__Task item__
Drop the pictures from the entries below, then reproduce the rest exactly.

__The records__
↓↓↓
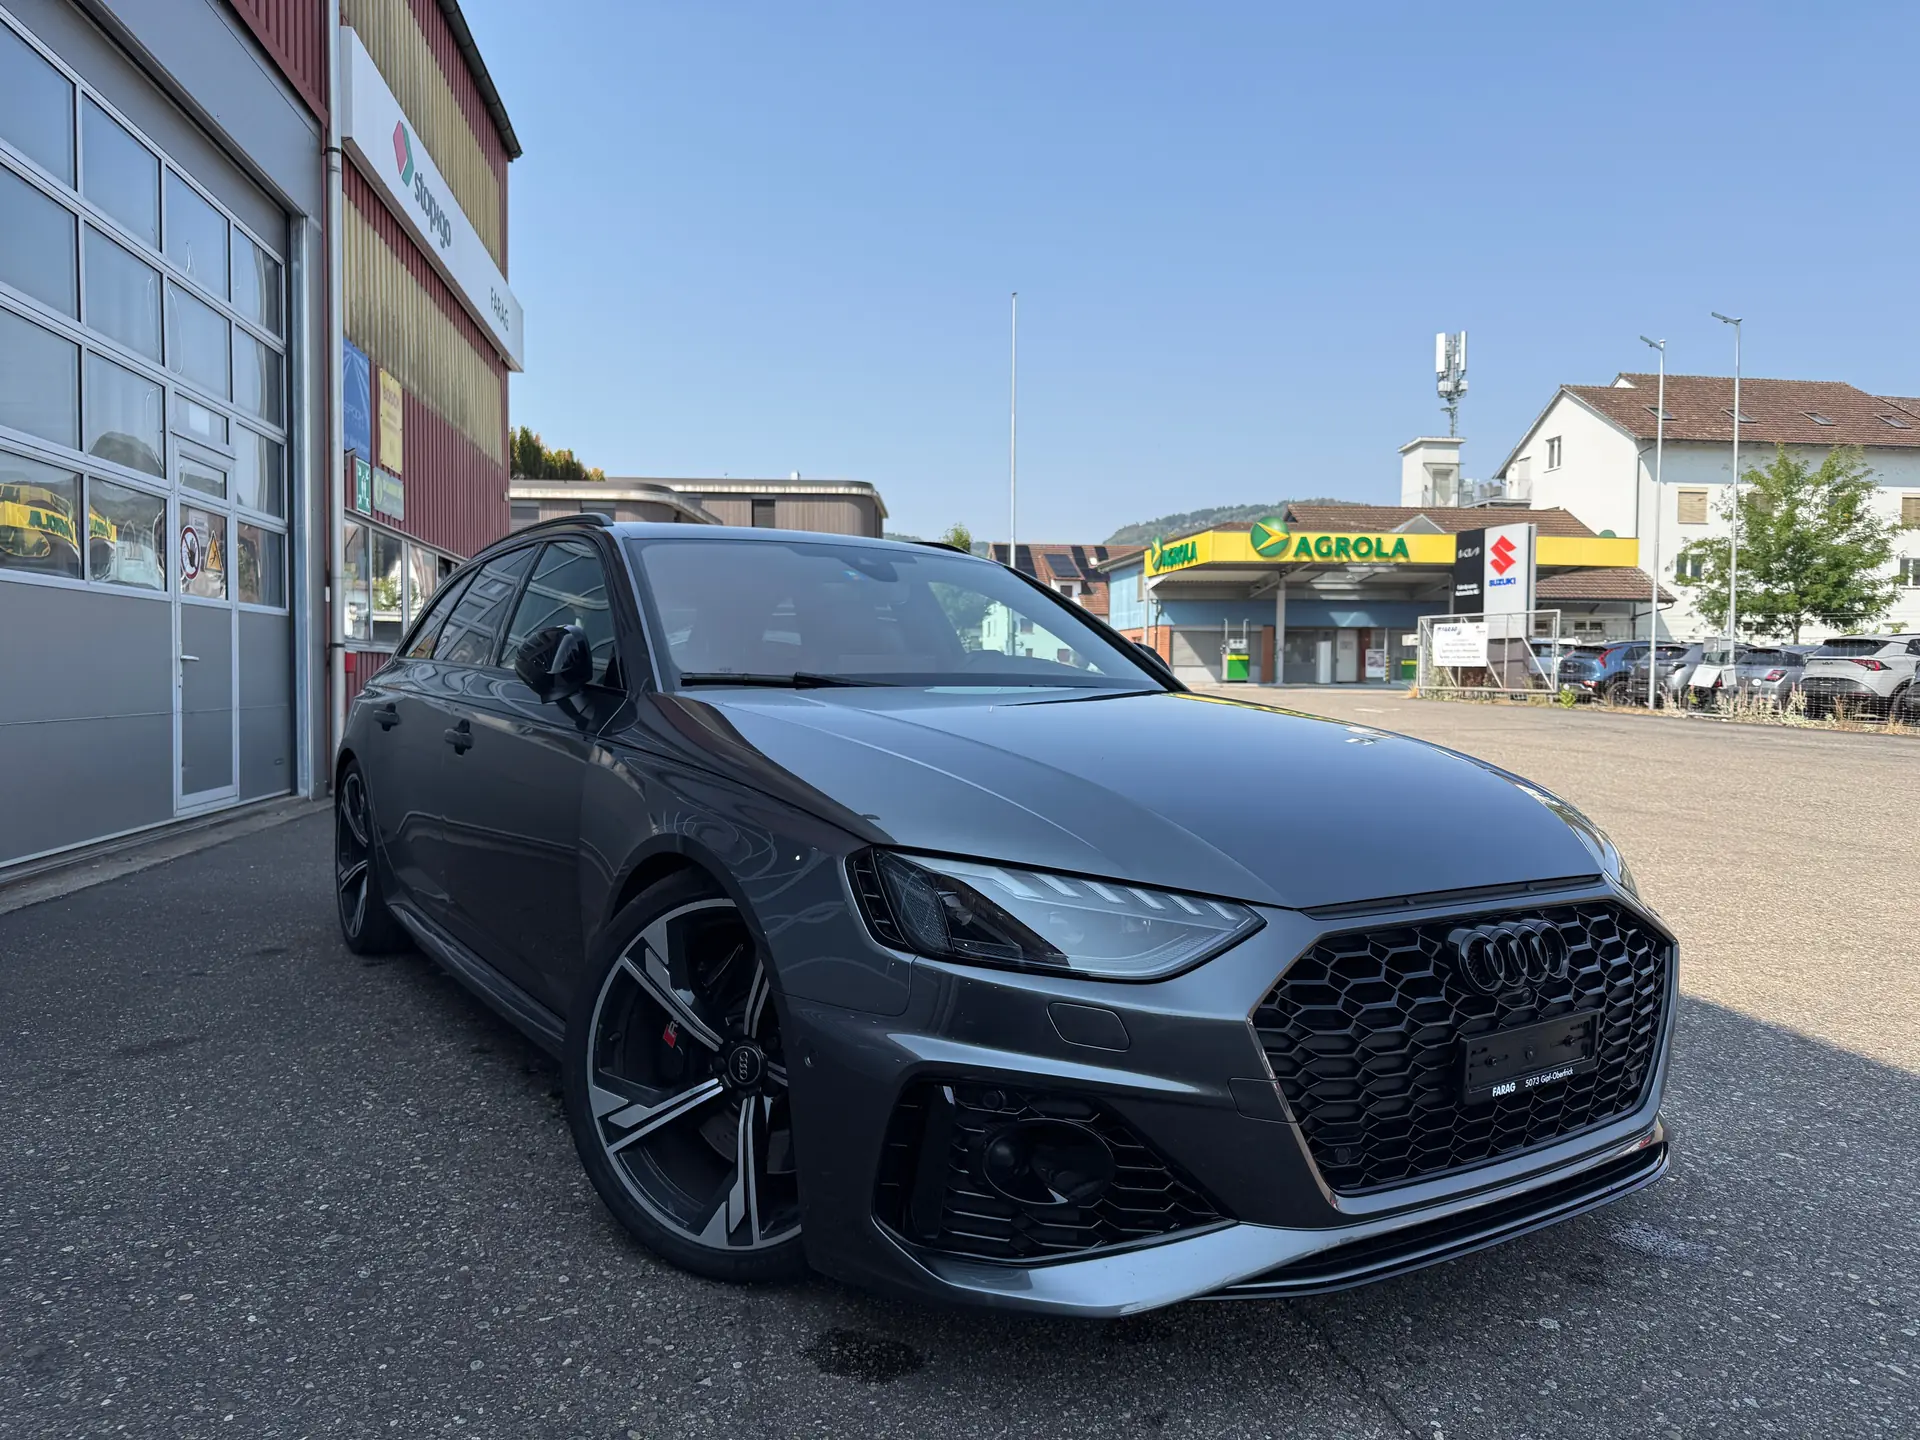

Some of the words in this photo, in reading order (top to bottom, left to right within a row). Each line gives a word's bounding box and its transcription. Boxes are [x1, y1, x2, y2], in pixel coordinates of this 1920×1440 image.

[490, 286, 509, 332] FARAG
[1162, 540, 1197, 567] AGROLA
[1293, 535, 1410, 559] AGROLA
[1457, 546, 1480, 559] KIA
[1488, 577, 1517, 587] SUZUKI
[1492, 1081, 1516, 1097] FARAG
[1525, 1077, 1540, 1088] 5073
[1540, 1067, 1574, 1084] Gipf-Oberfrick
↑↑↑
__Written answer__
Some of the words in this photo, in reading order (top to bottom, left to right within a row). Each line gives a word's bounding box and its transcription. Boxes are [x1, y1, x2, y2], in pixel coordinates of this 1920×1440 image.

[490, 286, 509, 332] FARAG
[1162, 540, 1197, 567] AGROLA
[1293, 535, 1410, 559] AGROLA
[1457, 546, 1480, 559] KIA
[1488, 577, 1517, 587] SUZUKI
[1492, 1081, 1516, 1097] FARAG
[1525, 1077, 1540, 1088] 5073
[1540, 1067, 1574, 1084] Gipf-Oberfrick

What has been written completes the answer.